───── Dataset

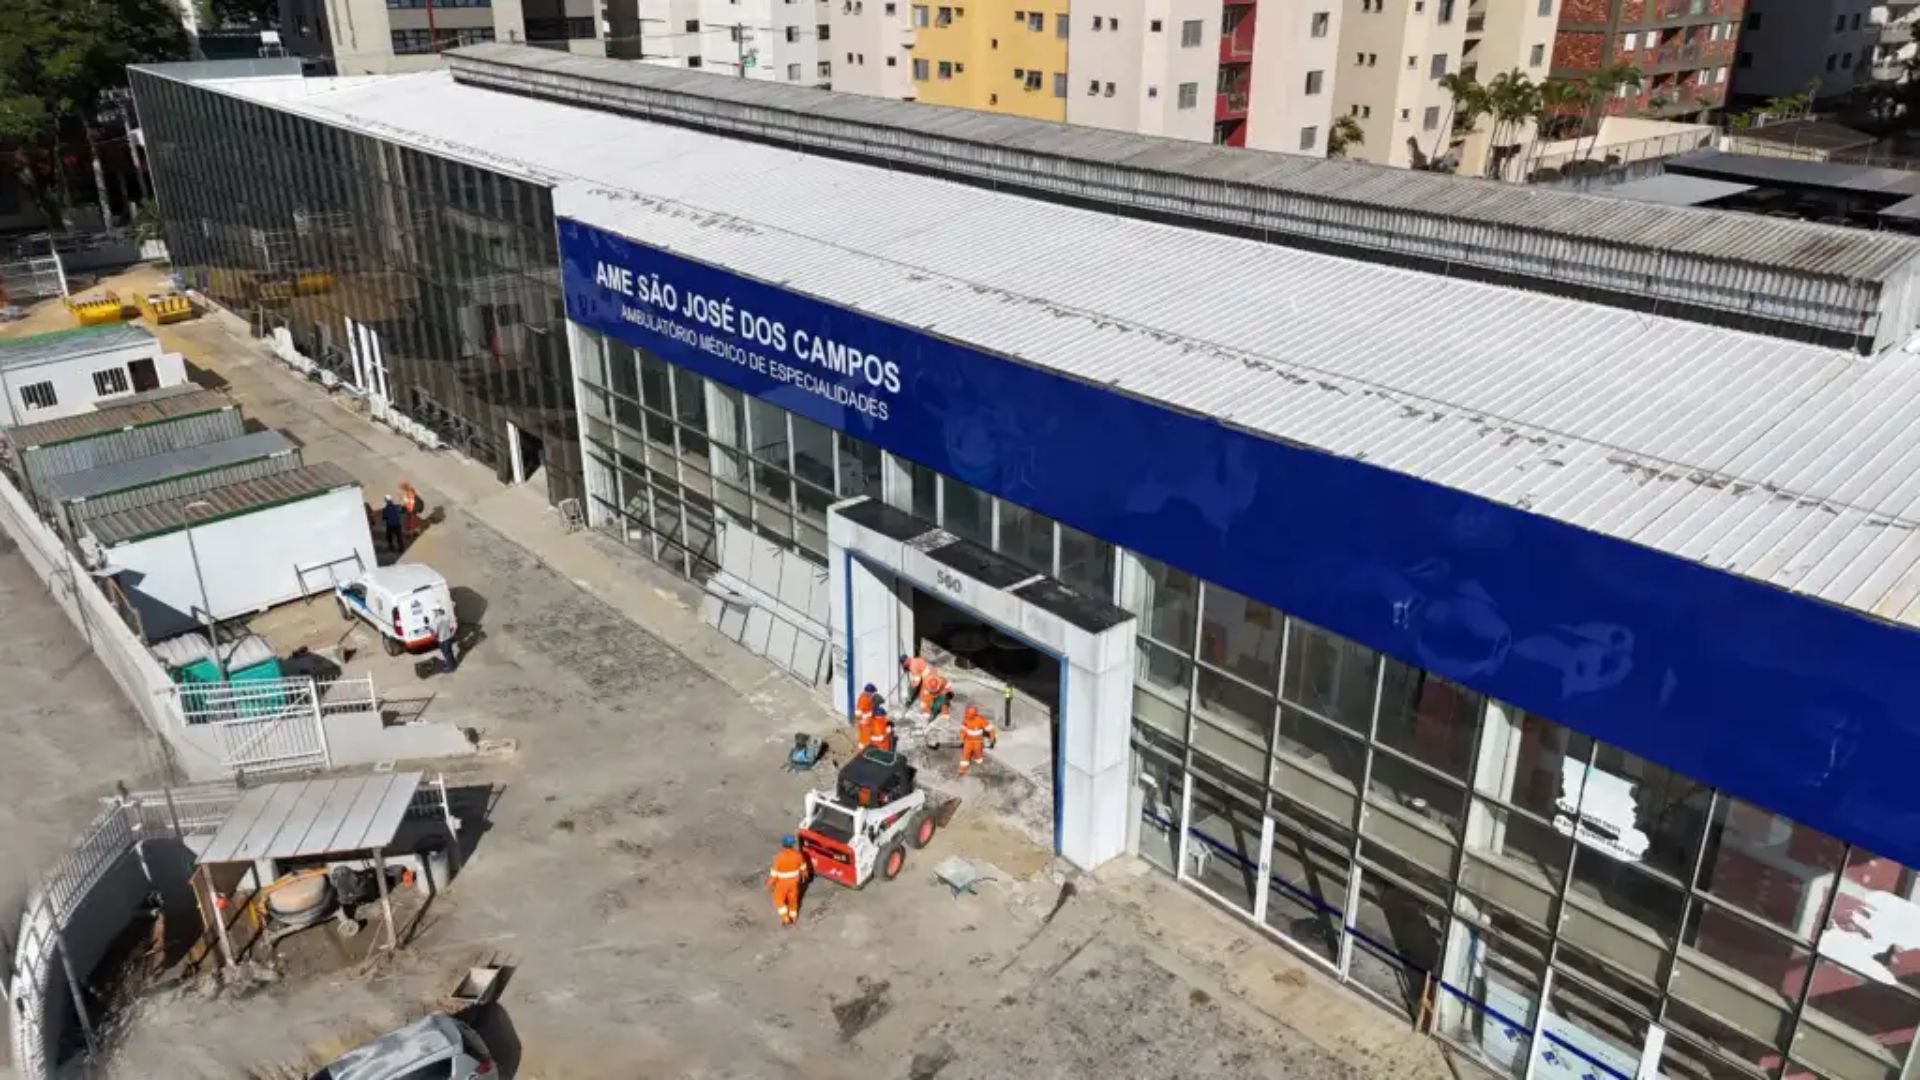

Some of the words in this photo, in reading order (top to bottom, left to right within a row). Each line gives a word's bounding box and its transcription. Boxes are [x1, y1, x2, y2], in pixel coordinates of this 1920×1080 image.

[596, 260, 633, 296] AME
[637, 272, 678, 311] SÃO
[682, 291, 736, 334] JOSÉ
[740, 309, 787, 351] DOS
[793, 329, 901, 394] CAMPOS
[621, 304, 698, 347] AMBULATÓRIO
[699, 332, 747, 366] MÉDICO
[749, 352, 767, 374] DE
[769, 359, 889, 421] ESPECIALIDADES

──────────

Output every entry exactly as given; pictures are not part of the copy.

Some of the words in this photo, in reading order (top to bottom, left to right within a row). Each line gives a word's bounding box and its transcription. Boxes are [x1, y1, x2, y2], in pixel coordinates of this 1920×1080 image.

[596, 260, 633, 296] AME
[637, 272, 678, 311] SÃO
[682, 291, 736, 334] JOSÉ
[740, 309, 787, 351] DOS
[793, 329, 901, 394] CAMPOS
[621, 304, 698, 347] AMBULATÓRIO
[699, 332, 747, 366] MÉDICO
[749, 352, 767, 374] DE
[769, 359, 889, 421] ESPECIALIDADES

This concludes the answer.